- The DXY Index is trading at 104.7, showing a 0.35% loss, but will end the week with slight gains.
- Continued Good orders from the US were higher than expected, but did not trigger a move in the US dollar.
- The Fed maintains a cautious stance on premature easing of monetary policy, which is an indication with less chance of quick interest rate cuts, which softens the USD.
The US Dollar Index (DXY) is currently trading at 104.7, posting some losses despite positive economic signals. This week, the United States reported solid domestic economic indicators, such as rising flash May PMIs from S&P Global, as well as powerful data on tough goods orders and unemployment claims, which suggest a potential continued recovery in the US dollar. Despite these fundamentals, the DXY index is facing resistance at the 20-day straightforward moving average level and is experiencing selling pressure.
With the U.S. economy showing solid indicators, the Federal Reserve’s (Fed) cautious stance on premature monetary easing will limit any downward movement. April personal consumption expenditures (PCE), the Fed’s preferred measure of inflation, will be released next week, which could change the stance of the central bank’s announcement.
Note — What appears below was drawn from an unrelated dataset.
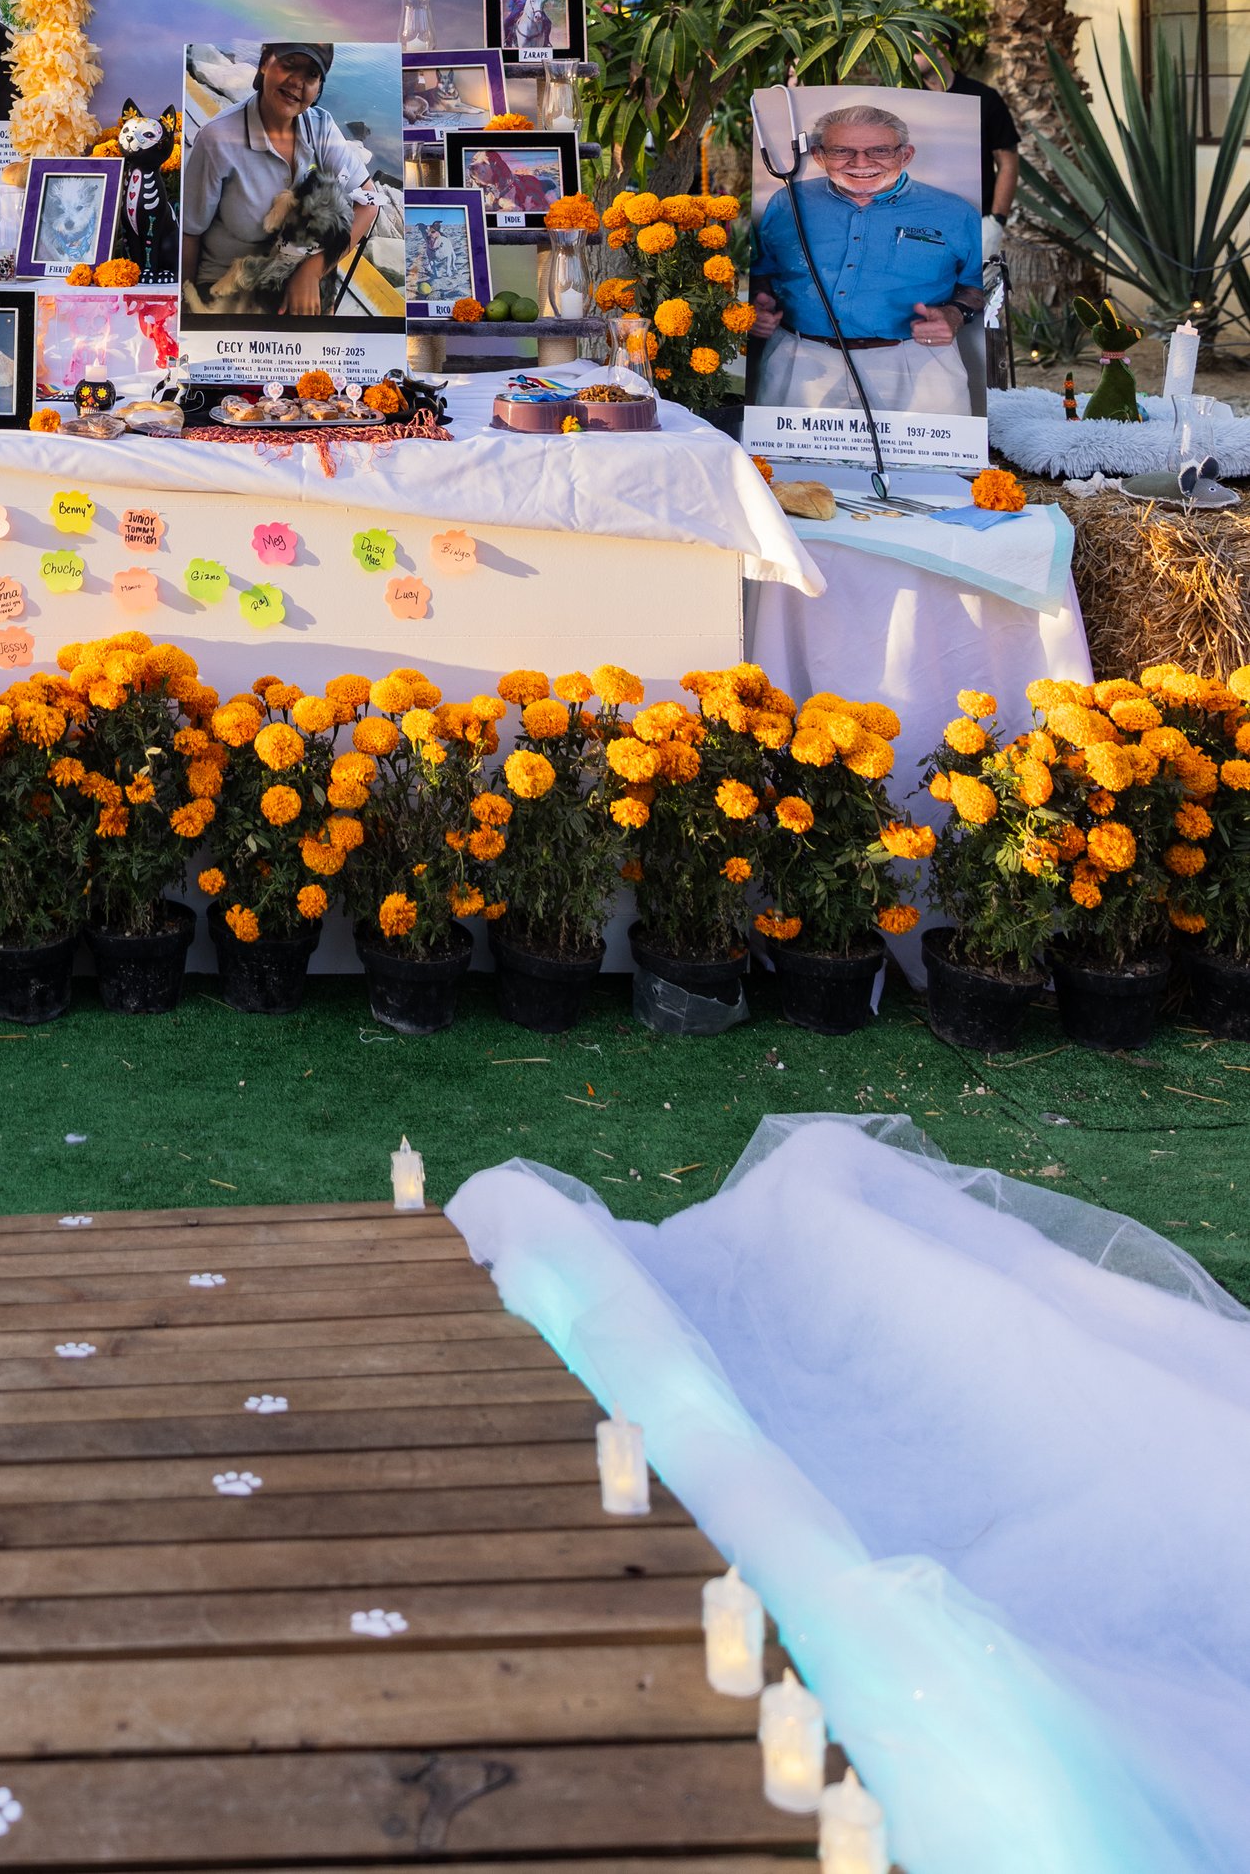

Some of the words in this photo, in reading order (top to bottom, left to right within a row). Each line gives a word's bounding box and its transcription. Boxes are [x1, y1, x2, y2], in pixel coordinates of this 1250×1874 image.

Daily Market Move Summary: DXY Sees Red Despite Signs of U.S. Economic Resilience
- U.S. tough goods orders rose 0.7% in April, after March data was revised down to 0.8%. The April reading exceeded market expectations, which expected a decline of 0.8%.
- Excluding transport, the number of modern orders increased by 0.4%. After the defense was put aside, modern orders remained almost unchanged.
- The Fed remains conscious of premature easing of monetary policy, and Fed members suggest that the containment of interest rates will continue for an extended period. The market probability of a rate cut at the upcoming meetings is approximately 50% in September and 85% in November, with a reduction expected by December.
DXY Technical Analysis: DXY is facing powerful resistance at the 20-day SMA
DXY’s technical outlook paints a mixed picture. The Relative Strength Index (RSI) is trending negatively, indicating ongoing selling momentum. This negative slope means that the bears will gain the advantage in the tiny term. The moving average convergence divergence (MACD) displays flat red bars that indicate continued buying pressure, adding more color to the bearish narrative.
Bulls, despite the headwinds, are showing their resilience as DXY holds above the 100- and 200-day straightforward moving averages (SMAs). This position above long-term averages indicates a bullish bias. However, as long as it remains below the 20-day SMA, the near-term outlook will be painted red.